Are you running vcf2bed.py < input.vcf -> vcf.bed
? That hyphen would be a typo, probably — I'm not sure what that would do. You would want to run: vcf2bed.py < input.vcf | sort-bed - > vcf.bed
to ensure the BED output is sorted.
If you really want to skip sorting (let's say that your VCF elements are guaranteed to be lexicographically-sorted), then use vcf2bed.py < input.vcf > vcf.bed
.
Note that it is not guaranteed that BEDOPS tools can provide a correct answer on unsorted BED inputs, so it might be better to use the BEDOPS sort-bed
application, just to be safe and prevent GIGO errors.

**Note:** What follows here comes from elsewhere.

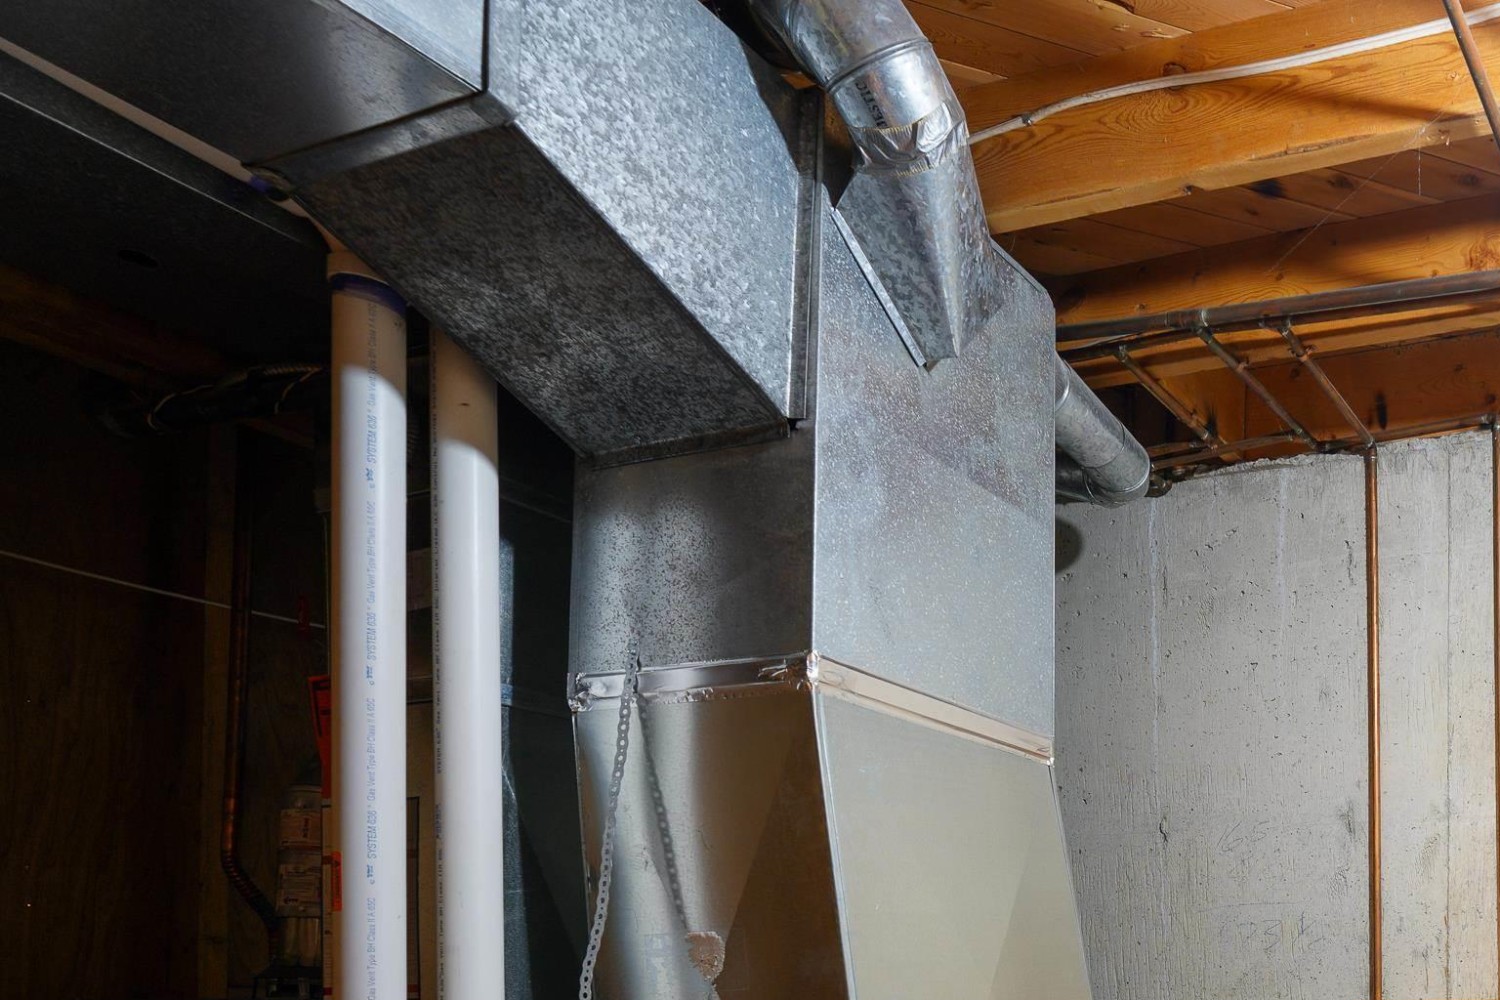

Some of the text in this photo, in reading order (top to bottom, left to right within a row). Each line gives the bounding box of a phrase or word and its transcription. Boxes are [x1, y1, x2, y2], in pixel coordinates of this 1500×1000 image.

Or add the --ec
option when using bedmap
or other BEDOPS applications, which enables error-checking (though it is usually much faster to just use sort-bed
to pre-sort the input — you only have to sort once, as BEDOPS apps read in and write out sorted data).
If you still get errors, feel free to post a transcript of what you're doing on the BEDOPS forum, along with links to your GTF and/or VCF inputs.
Also consider running your data through validation scripts — we've uncovered problems in the past with labs releasing data that do not follow specification, which requires extra pre-processing steps to clean up input before it is consumed by our scripts and applications. We've also uncovered problems with our assumptions about specifications and how that translates to a script or application. Biology is messy, but bioinformatics is messier.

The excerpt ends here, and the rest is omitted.